Most popular months for riders are May, June, July, and August. Casual riders tend to surpass annual members during the months of July and August. Why does this trend happen? These four months are probably the best months to ride bikes for leisurely activities. The lowest number of riders occur between December and February, where the average 10 year (2010 to 2019) temperature for Chicago is between 17 and 37 degrees fahrenheit. The average 10 year (2010 to 2019) temperature for Chicago during the months of May, June, July, and August is between 51 and 83 degrees fahrenheit. Campaign / marketing efforts to convert casual riders to annual members should take place between January and February, giving enough time for casual riders to see the benefits of annual memberships when summer comes.
Most common rides occur during Saturdays and Sundays. When breaking the data down, casual riders use bikes much more frequently during Saturday and Sunday, while the opposite is true for annual members. Annual members' ridership is much more uniform throughout the weekdays, with Saturdays and Sundays being the least frequent days for rides. For casual riders, the weekdays are much less frequent with rides being heavily skewed towards the weekends. Why are weekends much more common for casual riders, while the opposite is true for annual members? This could indicate that annual members use their rides for commutes during the weekdays more frequently than their casual counterparts. This also provides more supporting reasoning that casual riders use Cyclistic’s bikes for leisurely activities.
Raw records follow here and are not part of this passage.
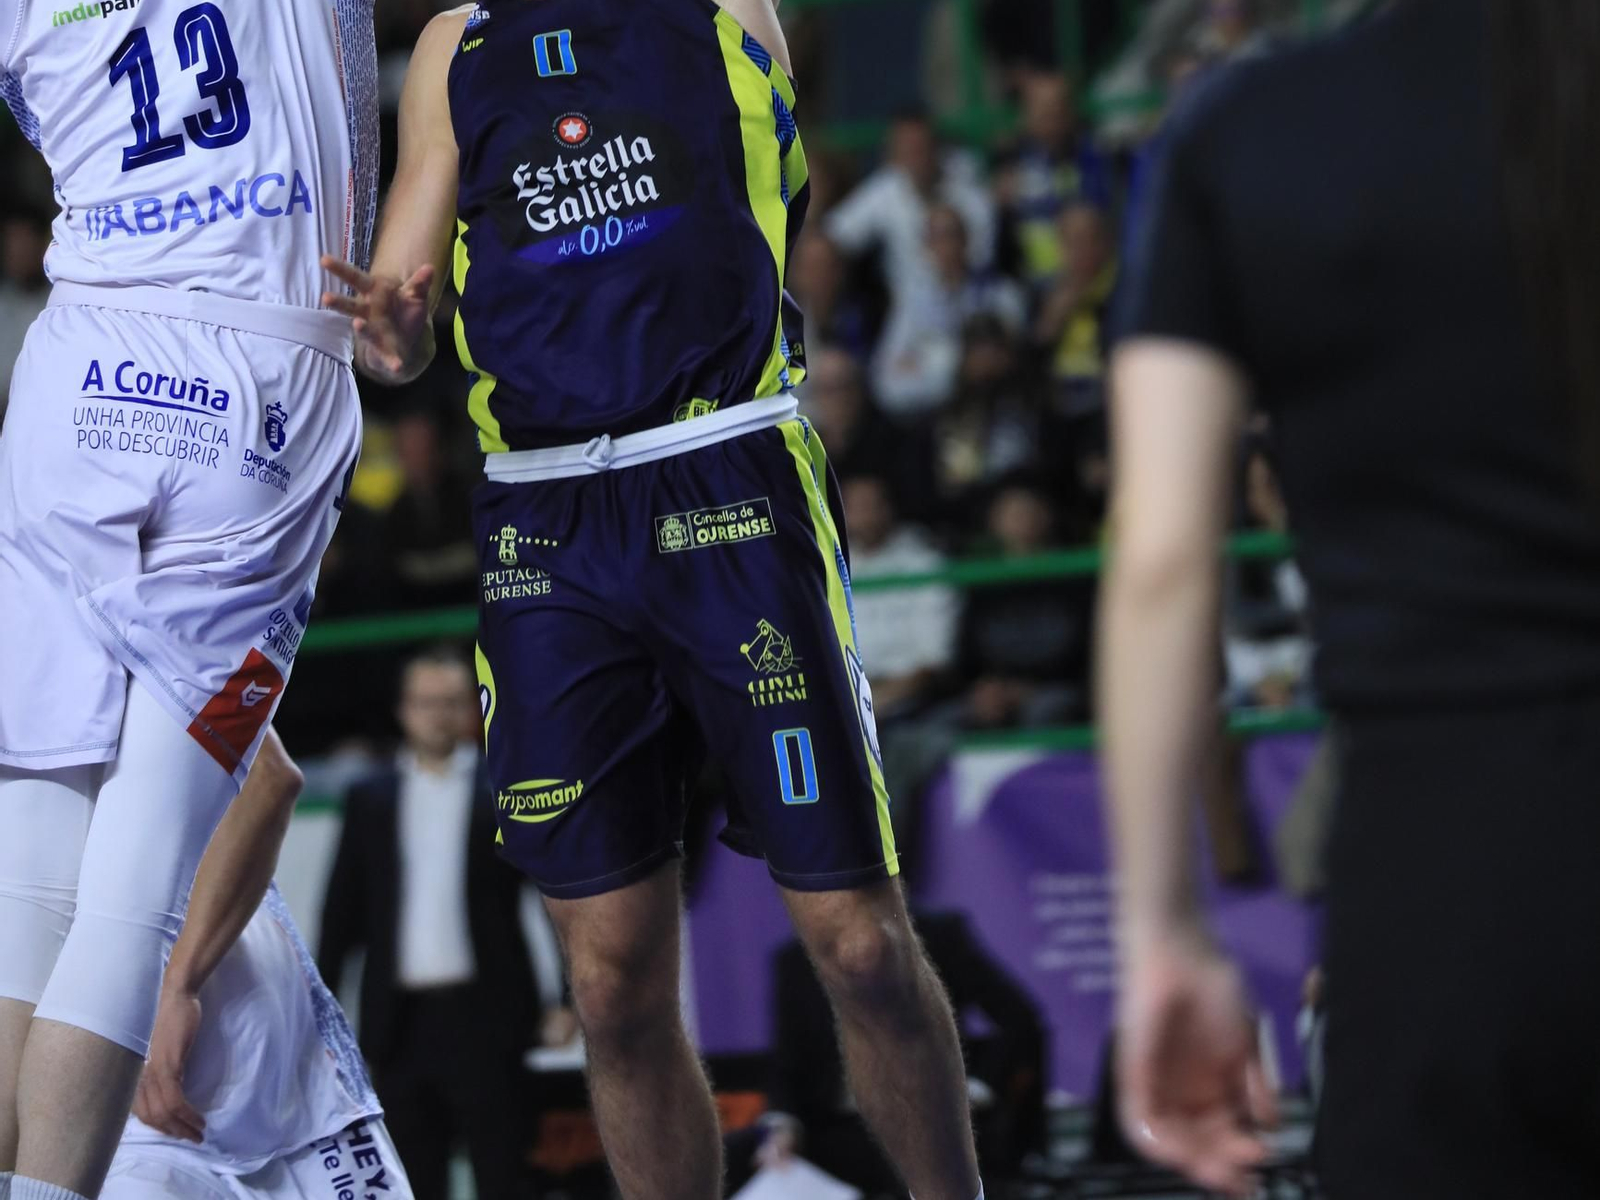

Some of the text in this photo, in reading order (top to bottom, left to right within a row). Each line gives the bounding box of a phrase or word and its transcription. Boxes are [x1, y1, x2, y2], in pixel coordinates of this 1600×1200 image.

[532, 28, 577, 77] 0
[109, 1, 250, 173] 13
[512, 134, 656, 201] Estrella
[86, 169, 312, 241] ABANCA
[526, 172, 660, 232] Galicia
[580, 215, 623, 255] 0,0
[81, 360, 230, 411] A Coruña
[74, 407, 229, 447] UNHA PROVINCIA
[77, 429, 220, 469] POR DESCUBRIR
[244, 449, 291, 481] Deputación
[240, 464, 288, 494] DA CORUÑA
[696, 517, 771, 543] OURENSE
[740, 505, 754, 518] de
[485, 580, 551, 603] OURENSE
[772, 727, 819, 805] 0
[499, 779, 583, 815] tripomant
[319, 1139, 342, 1171] Te
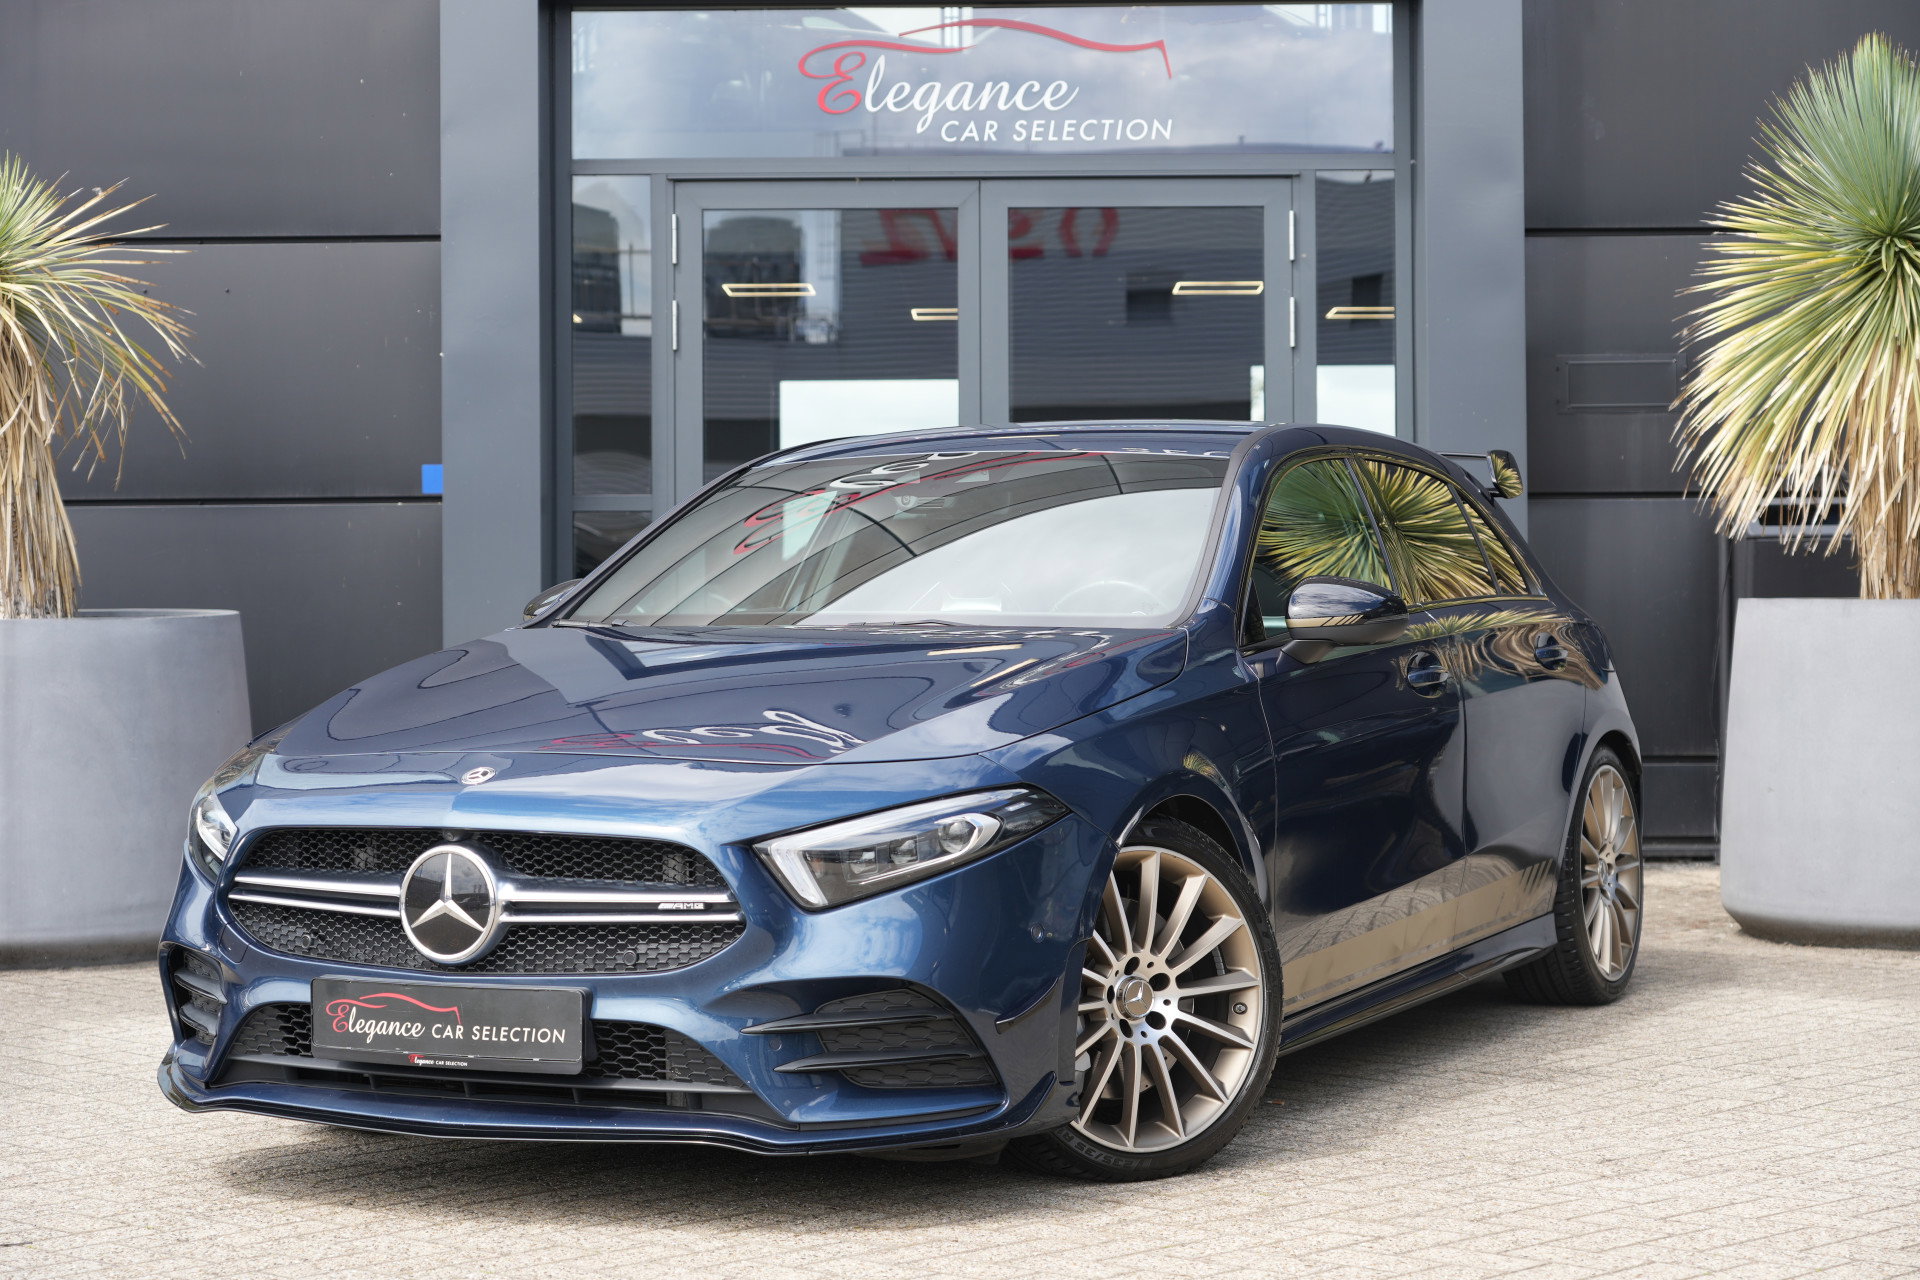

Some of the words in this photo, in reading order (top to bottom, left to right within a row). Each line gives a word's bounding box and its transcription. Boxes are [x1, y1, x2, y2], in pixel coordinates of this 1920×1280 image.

When looking at start hours for riders, we see that ridership grows from 4:00 AM until it peaks at 5:00 PM. After 5:00 PM, ridership drastically decreases. This coincides with how the normal working schedule works for many people, e.g. you start working at 9:00 AM and end at 5:00 PM, which is when ridership peaks. If you break down the chart by casual riders and annual members, the same trend follows with ridership peaking at 5:00 PM.
When looking at median ride length for casual riders and annual members, casual riders use Cyclistic bikes much longer than annual members, especially during the weekends.